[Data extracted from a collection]

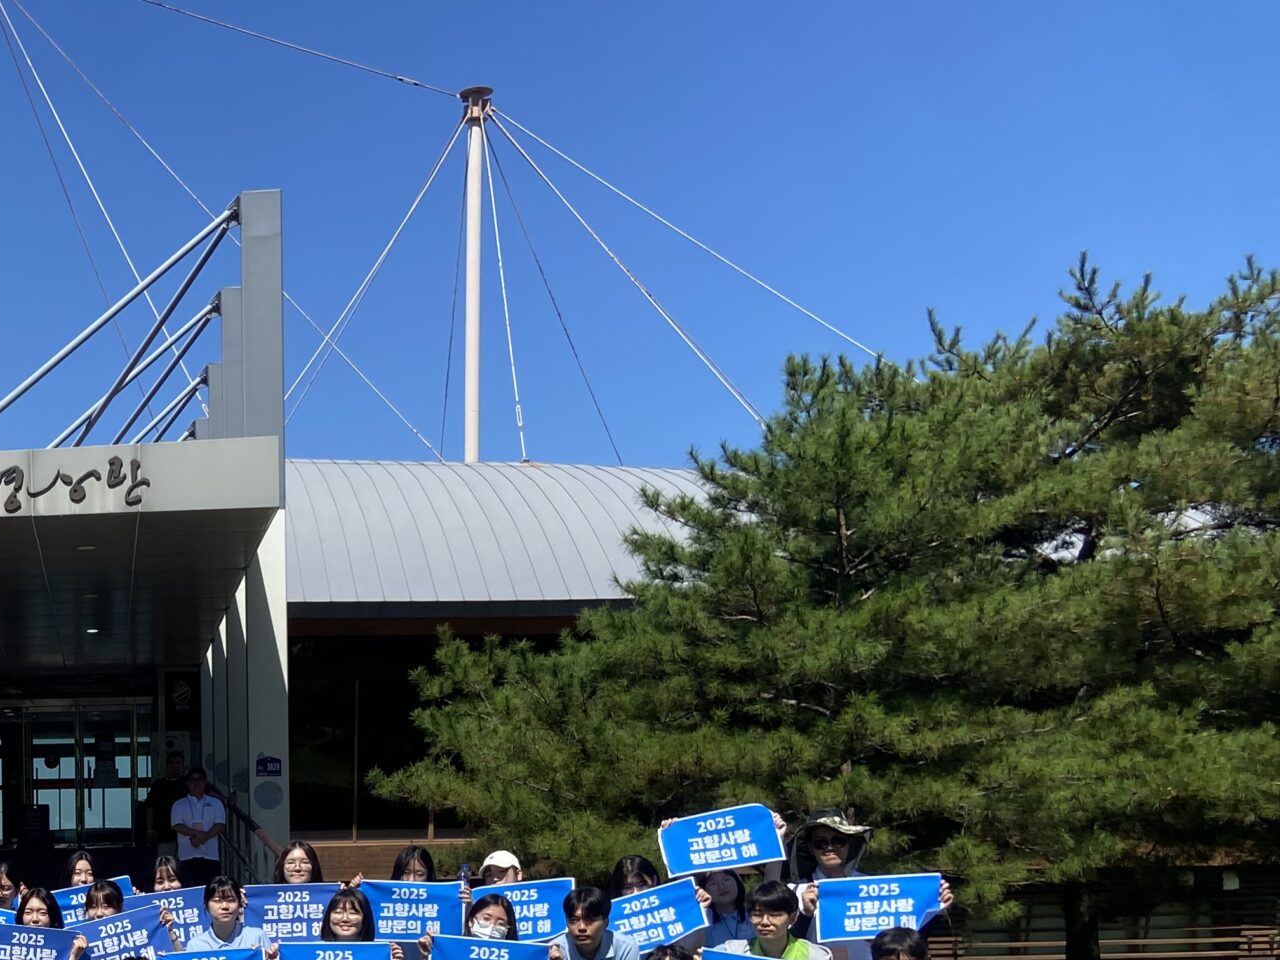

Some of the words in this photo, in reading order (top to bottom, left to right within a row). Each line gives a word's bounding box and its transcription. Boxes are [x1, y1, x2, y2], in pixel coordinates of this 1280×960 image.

[696, 816, 736, 834] 2025
[688, 829, 751, 851] 고향사랑
[690, 846, 738, 866] 방문의
[741, 843, 758, 858] 해
[277, 891, 310, 902] 2025
[392, 888, 427, 899] 2025
[859, 883, 900, 897] 2025
[264, 904, 324, 920] 고향사랑
[380, 903, 439, 918] 고향사랑
[621, 895, 660, 914] 2025
[846, 898, 915, 916] 고향사랑
[173, 908, 199, 924] 사랑
[614, 907, 676, 933] 고향사랑
[844, 915, 895, 932] 방문의
[899, 914, 916, 929] 해
[98, 919, 132, 938] 2025
[263, 923, 307, 937] 방문의
[378, 919, 421, 934] 방문의
[537, 919, 551, 933] 해
[630, 927, 665, 945] 문의
[667, 922, 684, 937] 해
[11, 932, 45, 946] 2025
[88, 929, 149, 957] 고향사랑
[470, 946, 509, 960] 2025

Action item —
Set down the entries above exactly, and keep every picture out of your copy.

Your response —
Some of the words in this photo, in reading order (top to bottom, left to right within a row). Each line gives a word's bounding box and its transcription. Boxes are [x1, y1, x2, y2], in pixel coordinates of this 1280×960 image.

[696, 816, 736, 834] 2025
[688, 829, 751, 851] 고향사랑
[690, 846, 738, 866] 방문의
[741, 843, 758, 858] 해
[277, 891, 310, 902] 2025
[392, 888, 427, 899] 2025
[859, 883, 900, 897] 2025
[264, 904, 324, 920] 고향사랑
[380, 903, 439, 918] 고향사랑
[621, 895, 660, 914] 2025
[846, 898, 915, 916] 고향사랑
[173, 908, 199, 924] 사랑
[614, 907, 676, 933] 고향사랑
[844, 915, 895, 932] 방문의
[899, 914, 916, 929] 해
[98, 919, 132, 938] 2025
[263, 923, 307, 937] 방문의
[378, 919, 421, 934] 방문의
[537, 919, 551, 933] 해
[630, 927, 665, 945] 문의
[667, 922, 684, 937] 해
[11, 932, 45, 946] 2025
[88, 929, 149, 957] 고향사랑
[470, 946, 509, 960] 2025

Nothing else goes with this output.